The head of the International Monetary Fund will remain in his job after the agency's executive board concluded that there is no cause for dismissal over an extramarital affair.
The IMF board issued a statement late Saturday saying that the actions of IMF Managing Director Dominique Strauss-Kahn were "regrettable and reflected a serious error of judgment."
However, the 24-member board of directors decided that Strauss-Kahn's relationship with the former IMF employee was consensual and did not involve any type of sexual harassment, favoritism or any other abuse of authority by Strauss-Kahn.
The board, which represents all 185-member nations of the lending institution, reached its conclusions at the end of a daylong meeting at IMF headquarters in Washington.
In a statement, the board said that based on the findings of an outside law firm hired to investigate the matter and discussions Saturday with Strauss-Kahn, that they now consider the incident closed.

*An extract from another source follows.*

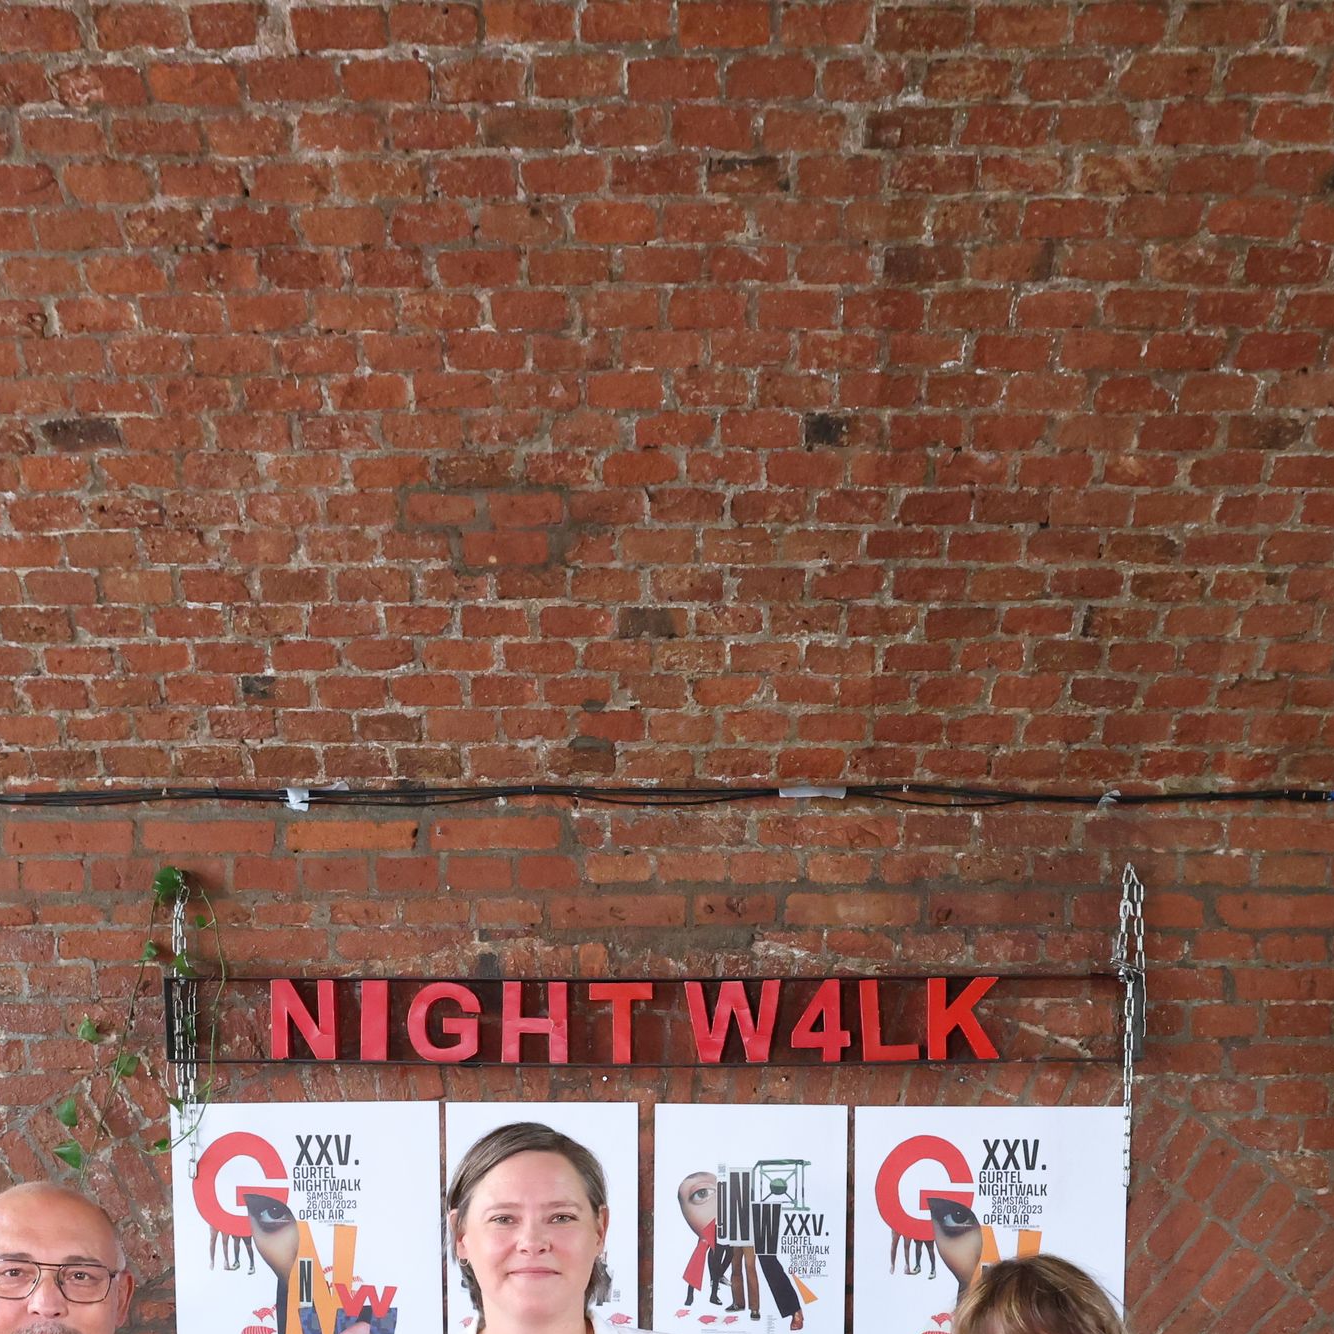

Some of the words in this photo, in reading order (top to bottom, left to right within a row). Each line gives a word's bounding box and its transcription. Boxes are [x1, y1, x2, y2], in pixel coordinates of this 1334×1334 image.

Shakour Shaalan, the dean of the executive board, told reporters during a conference call that the board believed that the incident would not harm Strauss-Kahn's effectiveness going forward.
The IMF is expected to play a critical role in providing loans to countries harmed by the current global financial crisis.
The former employee with whom Strauss-Kahn had the affair has been identified as Piroska Nagy, now in London with the European Bank for Reconstruction and Development.
The incident involving Strauss-Kahn occurred 15 months after Paul Wolfowitz resigned as president of the World Bank amid controversy over a pay package for his girlfriend, a bank employee. The World Bank is a sister lending institution to the IMF.